Manzanero also questioned the authenticity of some of the complaints: “I mean if people are telling me my diabetes medication doesn’t work. Is it really the medication or is it the fact that the patient is consuming more calories, doing less exercise? It is multiple factors that are in there.” Manzanero also suggested that a lot of the sentiments echoed by Brackett are many of the same concerns that have been shared by importers that have been unwilling to comply with the current mechanisms and regulations in place.

The People’s United Party also recently condemned the Ministry of Health over the allegations, claiming that an independent preliminary investigation has revealed that there are containers of quality medication purchased by reputable local pharmacies from credible manufacturers which are held up for months by the Ministry, while inferior medication provided by ‘new’ companies with allegedly high-level ‘Ministerial’ connections are released immediately.

The party said it will continue to investigate troubling reports of corruption and complicity in the Ministry of Health with allegations of certain senior officials colluding and having improper involvement with companies in the country which purchase and distribute pharmaceuticals, while reputable companies are being boxed out.

“If there is complicity at the highest levels of the MOH in the provision of inferior pharmaceuticals to Belizeans, it is not only a corrupt act, but criminal. We reiterate that every allegation made against them will be investigated, and they will face justice if those allegations are found to be true,” the PUP said.
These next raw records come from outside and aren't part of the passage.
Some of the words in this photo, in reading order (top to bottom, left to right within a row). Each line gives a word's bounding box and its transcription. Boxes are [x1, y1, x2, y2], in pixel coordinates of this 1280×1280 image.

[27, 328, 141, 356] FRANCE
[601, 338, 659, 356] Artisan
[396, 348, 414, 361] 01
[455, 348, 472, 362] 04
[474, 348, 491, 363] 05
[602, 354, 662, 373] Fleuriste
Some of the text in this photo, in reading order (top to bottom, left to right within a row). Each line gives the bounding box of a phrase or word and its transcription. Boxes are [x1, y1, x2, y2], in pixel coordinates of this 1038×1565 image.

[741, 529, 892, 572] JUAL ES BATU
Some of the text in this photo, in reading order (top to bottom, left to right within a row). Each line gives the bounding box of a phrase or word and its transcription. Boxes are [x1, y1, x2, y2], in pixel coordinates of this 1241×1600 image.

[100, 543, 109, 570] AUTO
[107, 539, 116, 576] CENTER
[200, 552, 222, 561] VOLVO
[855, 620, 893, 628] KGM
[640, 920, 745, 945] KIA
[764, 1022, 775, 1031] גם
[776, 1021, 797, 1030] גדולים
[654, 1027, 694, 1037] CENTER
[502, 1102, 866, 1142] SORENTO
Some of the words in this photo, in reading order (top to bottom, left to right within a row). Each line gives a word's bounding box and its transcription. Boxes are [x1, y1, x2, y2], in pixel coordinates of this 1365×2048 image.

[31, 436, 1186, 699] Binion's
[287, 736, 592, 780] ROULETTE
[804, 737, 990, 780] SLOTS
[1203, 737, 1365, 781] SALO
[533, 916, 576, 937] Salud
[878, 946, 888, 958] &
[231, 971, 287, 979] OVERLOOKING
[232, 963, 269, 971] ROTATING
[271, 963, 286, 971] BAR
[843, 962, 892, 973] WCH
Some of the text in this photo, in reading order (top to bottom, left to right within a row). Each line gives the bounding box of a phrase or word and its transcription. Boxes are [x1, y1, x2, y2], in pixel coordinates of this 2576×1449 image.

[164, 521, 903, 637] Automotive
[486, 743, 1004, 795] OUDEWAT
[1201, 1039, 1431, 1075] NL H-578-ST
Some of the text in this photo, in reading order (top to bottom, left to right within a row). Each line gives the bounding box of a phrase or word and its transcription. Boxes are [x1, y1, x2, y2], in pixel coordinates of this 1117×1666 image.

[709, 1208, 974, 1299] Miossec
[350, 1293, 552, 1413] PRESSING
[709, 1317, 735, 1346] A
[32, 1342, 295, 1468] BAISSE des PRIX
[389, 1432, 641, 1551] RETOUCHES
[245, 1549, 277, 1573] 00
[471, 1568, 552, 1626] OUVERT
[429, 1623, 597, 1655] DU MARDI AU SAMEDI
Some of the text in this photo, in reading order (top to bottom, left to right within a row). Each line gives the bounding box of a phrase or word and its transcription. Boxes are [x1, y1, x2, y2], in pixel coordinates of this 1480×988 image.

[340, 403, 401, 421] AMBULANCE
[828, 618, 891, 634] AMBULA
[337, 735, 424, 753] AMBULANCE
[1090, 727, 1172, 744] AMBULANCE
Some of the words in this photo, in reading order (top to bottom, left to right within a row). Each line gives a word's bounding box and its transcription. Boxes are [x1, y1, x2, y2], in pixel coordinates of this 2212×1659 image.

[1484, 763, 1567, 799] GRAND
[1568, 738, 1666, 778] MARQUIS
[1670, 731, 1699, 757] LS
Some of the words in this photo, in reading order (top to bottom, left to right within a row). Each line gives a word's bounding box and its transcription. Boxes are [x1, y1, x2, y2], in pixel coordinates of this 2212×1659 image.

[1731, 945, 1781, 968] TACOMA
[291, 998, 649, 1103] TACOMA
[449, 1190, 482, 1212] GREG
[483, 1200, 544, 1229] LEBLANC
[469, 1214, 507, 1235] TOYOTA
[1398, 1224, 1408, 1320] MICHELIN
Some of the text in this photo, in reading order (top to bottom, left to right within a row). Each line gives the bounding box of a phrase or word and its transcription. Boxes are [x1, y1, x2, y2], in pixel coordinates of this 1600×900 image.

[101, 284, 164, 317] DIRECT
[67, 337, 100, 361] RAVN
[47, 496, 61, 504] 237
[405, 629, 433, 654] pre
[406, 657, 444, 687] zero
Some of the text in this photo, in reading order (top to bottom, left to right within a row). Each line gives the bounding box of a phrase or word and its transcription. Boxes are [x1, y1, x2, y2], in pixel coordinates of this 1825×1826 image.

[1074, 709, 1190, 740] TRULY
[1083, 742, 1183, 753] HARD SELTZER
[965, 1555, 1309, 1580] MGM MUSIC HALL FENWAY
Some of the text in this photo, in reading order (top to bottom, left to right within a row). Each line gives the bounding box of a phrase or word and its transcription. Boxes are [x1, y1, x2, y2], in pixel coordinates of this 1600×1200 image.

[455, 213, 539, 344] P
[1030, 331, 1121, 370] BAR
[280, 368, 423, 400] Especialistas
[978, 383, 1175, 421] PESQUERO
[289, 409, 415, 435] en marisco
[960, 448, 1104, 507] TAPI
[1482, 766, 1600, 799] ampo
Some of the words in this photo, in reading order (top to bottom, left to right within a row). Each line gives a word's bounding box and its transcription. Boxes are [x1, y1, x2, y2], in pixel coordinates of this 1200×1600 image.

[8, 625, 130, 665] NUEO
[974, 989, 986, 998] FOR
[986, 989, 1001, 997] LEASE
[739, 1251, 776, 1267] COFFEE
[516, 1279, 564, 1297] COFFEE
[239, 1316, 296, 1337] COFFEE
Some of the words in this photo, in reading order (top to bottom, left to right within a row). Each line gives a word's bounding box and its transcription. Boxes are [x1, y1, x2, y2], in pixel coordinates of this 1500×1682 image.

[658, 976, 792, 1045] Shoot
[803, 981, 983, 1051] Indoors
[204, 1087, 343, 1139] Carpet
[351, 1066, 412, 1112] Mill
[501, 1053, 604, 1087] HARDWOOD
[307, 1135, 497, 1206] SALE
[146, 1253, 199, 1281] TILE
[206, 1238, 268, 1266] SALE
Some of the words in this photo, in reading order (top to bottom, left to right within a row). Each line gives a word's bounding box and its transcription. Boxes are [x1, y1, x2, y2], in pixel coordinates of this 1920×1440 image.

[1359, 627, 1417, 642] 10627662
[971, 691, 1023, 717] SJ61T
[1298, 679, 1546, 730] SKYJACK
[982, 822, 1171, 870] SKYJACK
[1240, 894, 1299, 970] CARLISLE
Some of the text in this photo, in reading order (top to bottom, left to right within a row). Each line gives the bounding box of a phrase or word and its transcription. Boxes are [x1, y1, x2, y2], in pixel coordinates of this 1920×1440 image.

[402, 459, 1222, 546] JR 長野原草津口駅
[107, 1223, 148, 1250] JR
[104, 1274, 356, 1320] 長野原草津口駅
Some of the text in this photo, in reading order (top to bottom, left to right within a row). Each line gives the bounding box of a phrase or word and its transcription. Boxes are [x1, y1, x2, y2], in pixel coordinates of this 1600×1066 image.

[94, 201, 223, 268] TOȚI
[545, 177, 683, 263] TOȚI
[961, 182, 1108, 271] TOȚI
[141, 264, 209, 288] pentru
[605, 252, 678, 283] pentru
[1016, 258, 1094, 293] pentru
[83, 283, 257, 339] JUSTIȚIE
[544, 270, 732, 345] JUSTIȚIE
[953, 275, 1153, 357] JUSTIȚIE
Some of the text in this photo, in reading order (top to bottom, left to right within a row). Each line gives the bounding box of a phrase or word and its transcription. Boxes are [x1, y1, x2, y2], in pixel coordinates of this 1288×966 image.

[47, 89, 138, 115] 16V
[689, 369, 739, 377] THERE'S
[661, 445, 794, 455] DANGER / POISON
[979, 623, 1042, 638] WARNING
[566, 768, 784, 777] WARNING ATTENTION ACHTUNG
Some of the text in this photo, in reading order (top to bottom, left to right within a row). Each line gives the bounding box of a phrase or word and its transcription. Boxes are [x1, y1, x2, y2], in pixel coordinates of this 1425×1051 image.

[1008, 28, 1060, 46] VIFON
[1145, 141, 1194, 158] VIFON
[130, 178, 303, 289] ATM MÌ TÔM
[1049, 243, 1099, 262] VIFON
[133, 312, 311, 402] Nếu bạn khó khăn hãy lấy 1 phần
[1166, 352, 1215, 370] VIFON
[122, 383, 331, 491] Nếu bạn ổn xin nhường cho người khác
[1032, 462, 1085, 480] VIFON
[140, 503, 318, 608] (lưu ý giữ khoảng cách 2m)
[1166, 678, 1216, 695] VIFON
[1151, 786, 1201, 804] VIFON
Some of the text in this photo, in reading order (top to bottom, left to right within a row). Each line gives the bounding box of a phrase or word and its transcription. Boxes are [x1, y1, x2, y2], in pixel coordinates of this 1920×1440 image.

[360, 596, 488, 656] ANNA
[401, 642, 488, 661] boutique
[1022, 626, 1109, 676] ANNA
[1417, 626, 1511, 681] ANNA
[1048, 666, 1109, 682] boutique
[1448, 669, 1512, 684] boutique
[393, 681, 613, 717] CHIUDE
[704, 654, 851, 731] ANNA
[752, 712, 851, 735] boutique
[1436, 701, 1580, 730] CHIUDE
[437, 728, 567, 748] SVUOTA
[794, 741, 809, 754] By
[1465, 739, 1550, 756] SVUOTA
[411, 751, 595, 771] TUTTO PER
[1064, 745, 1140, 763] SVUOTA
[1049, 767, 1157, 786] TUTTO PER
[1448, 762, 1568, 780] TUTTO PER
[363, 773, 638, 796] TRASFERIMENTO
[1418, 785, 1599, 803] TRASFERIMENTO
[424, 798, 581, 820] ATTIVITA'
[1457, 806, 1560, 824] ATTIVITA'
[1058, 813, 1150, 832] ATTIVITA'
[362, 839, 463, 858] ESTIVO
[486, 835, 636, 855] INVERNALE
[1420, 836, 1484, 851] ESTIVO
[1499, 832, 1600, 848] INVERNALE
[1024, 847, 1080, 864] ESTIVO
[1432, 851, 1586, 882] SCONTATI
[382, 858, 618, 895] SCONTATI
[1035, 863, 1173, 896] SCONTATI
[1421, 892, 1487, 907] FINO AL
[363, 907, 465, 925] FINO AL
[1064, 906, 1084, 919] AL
Just before press time, the PSU also issued a release in which it stated that it is also very concerned about the poor quality and ineffective medication reaching public hospitals and public health care facilities for dispensation to the public. The PSU then warns that it will be commencing, via the NTUCB, “dialogue with the Belize Community Pharmacists Association, the Ministry of Health and key stakeholders in the Ministry of Health to get a proper and comprehensive understanding of the quality assurance and procurement process currently being utilized by the Ministry of Health.”